8 d’octubre de 2013

La tercera vía de Duran



Artículo de Jordi Barbeta, publicado la semana pasada en La Vanguardia. Me gustó.

"El lunes pasado, este diario publicó un artículo de Josep Antoni Duran Lleida sobre la conveniencia de propiciar y someter a consulta de los catalanes un nuevo estatus para Catalunya que suponga un cambio cualitativo respecto a la situación actual, pero sin llegar a la secesión. Consta que el líder de Unió Democràtica recibió tantas felicitaciones del establishment barcelonés por la propuesta que periodísticamente se ha denominado la tercera vía como reproches, insultos y diatribas a través de la red. El martes, Duran viajó a Madrid y sus interlocutores habituales de la villa y corte prácticamente le dieron con la puerta en las narices. Destacados miembros del Gobierno español le han aclarado al dirigente catalán que no están interesados en la primera vía, ni en la segunda, ni en la tercera.
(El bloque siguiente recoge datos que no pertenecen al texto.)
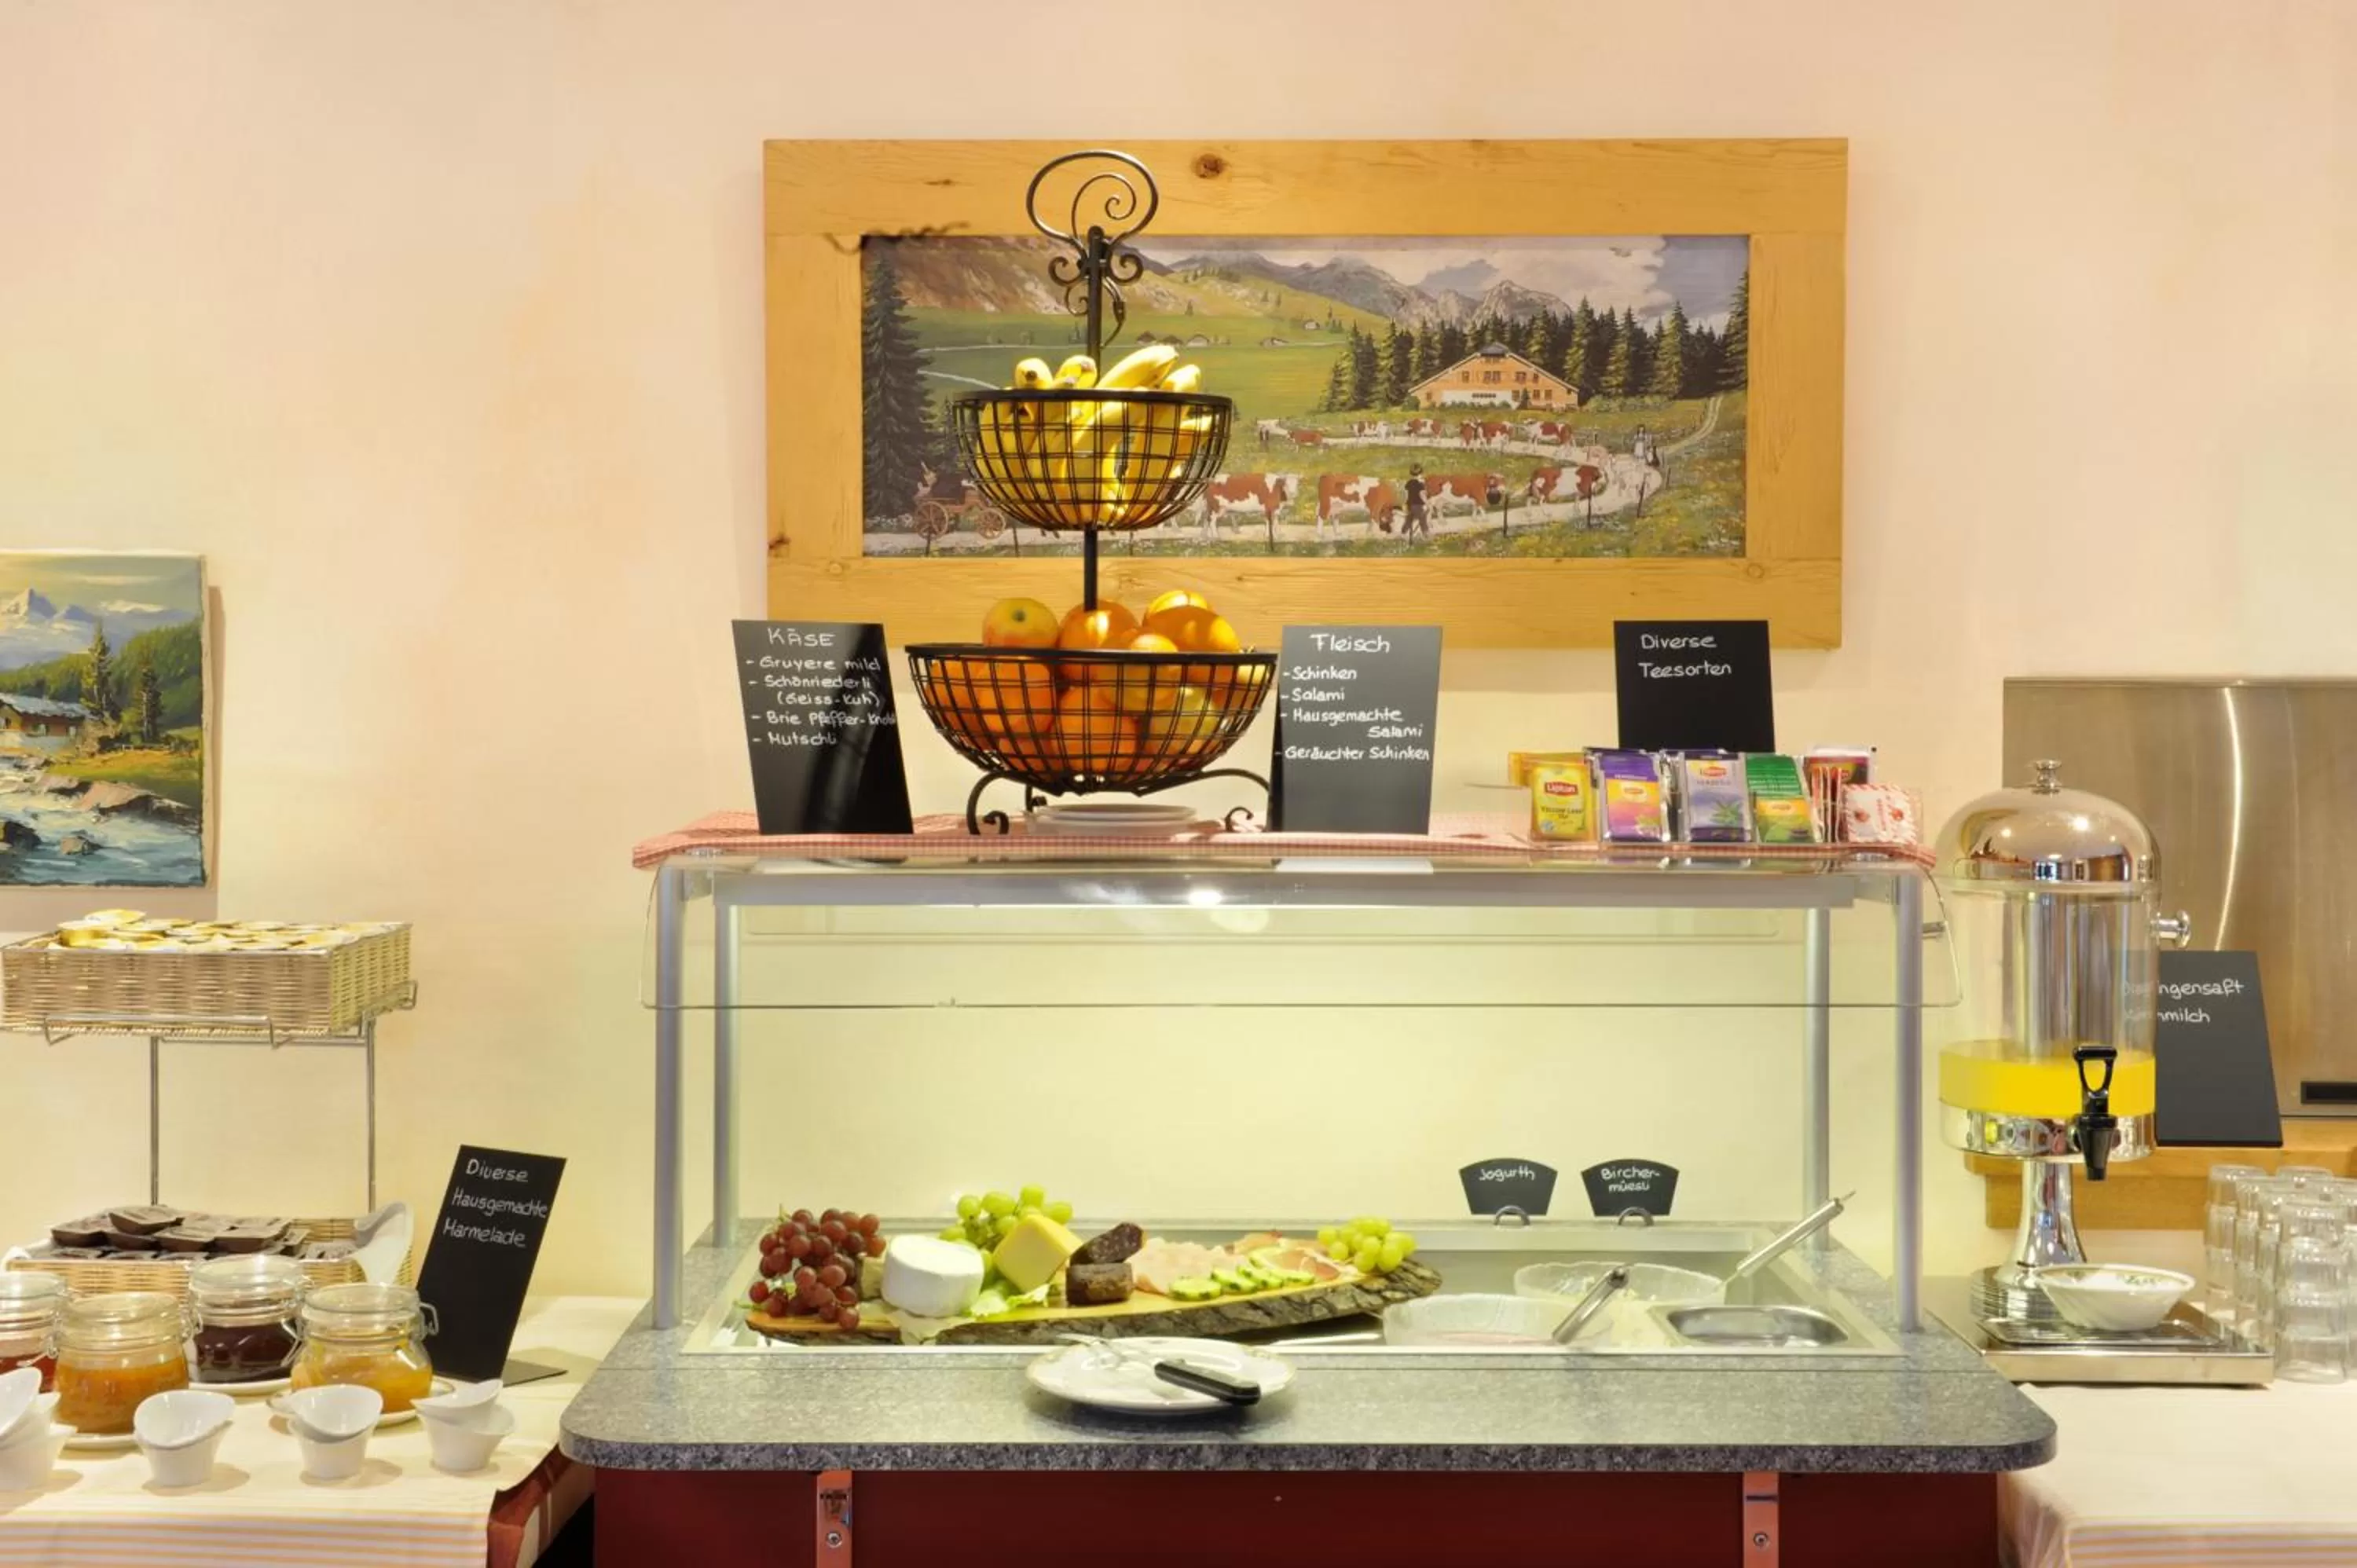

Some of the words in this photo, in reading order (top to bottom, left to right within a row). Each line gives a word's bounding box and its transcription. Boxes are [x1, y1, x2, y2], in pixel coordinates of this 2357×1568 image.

El pactismo, entendido no como la imposición de una parte sobre la otra, sino como un compromiso entre dos partes libres, forma parte de la tradición política catalana, pero no de la castellana, más marcada por la épica conquistadora. Cuando en las Cortes republicanas el dirigente de Unió Democràtica Manuel Carrasco i Formiguera defendía la integridad del Estatut de Núria votado en referéndum por el pueblo catalán, los diputados de la derecha española le replicaban que "eso se defiende a tiros". Durante la Guerra Civil, Carrasco i Formiguera también se situó en una tercera vía. Católico y fiel a la República, tuvo que huir de Barcelona por las amenazas de revolucionarios fanáticos, pero fue interceptado por los rebeldes franquistas y ya en Burgos el régimen nacional-católico lo condenó a muerte y lo ejecutó, pese a las peticiones de clemencia llegadas del Vaticano. Las derechas y las izquierdas republicanas se enfrentaron en Catalunya hasta que los franquistas entraron por la Diagonal y se acabó todo. Quizá a esos precedentes históricos cainitas se refería José María Aznar cuando pronosticó que "antes se romperá la unidad de Catalunya que la de España".

No cabe la menor duda de cuál sería el resultado si se sometiera a consulta un nuevo estatus para Catalunya intermedio entre la situación actual y la independencia que incluyera el sueño de Duran: (1) El concierto económico, (2) El control catalán de las infraestructuras, (3) la soberanía cultural, lingüística y educativa, (4) la presencia de Catalunya en organismos internacionales y (5) el apoyo a una reforma constitucional que reconozca a Catalunya como sujeto político soberano. El respaldo a continuar en España en tales condiciones arrasaría en las urnas. O sea que lo que hace imposible que eso ocurra no son las ansias independentistas de la sociedad catalana, sino el rechazo casi unánime de las fuerzas políticas españolas al simple ejercicio de la consulta, de cualquier consulta, incluso la que defiende el PSC y tampoco o está dispuesto a aceptar de ninguna manera el PSOE.

Los independentistas que atacan a Duran cometen un error enorme contra sus propios intereses, porque es el rechazo español a las tesis conciliadoras del líder democristiano lo que va situando la independencia como única salida para una mayoría de catalanes que nunca se había pronunciado así y que por algún motivo muy profundo está cambiando de opinión.

Cuando Duran propone la soberanía cultural y lingüística, la respuesta inmediata ha sido el pacto del ministro Wert con UPyD para imponer el castellano como lengua vehicular de la enseñanza en toda España. El fracaso de Duran es el principal alimento del independentismo. Eso es lo que no ven o no quieren ver los fanáticos de ambos lados."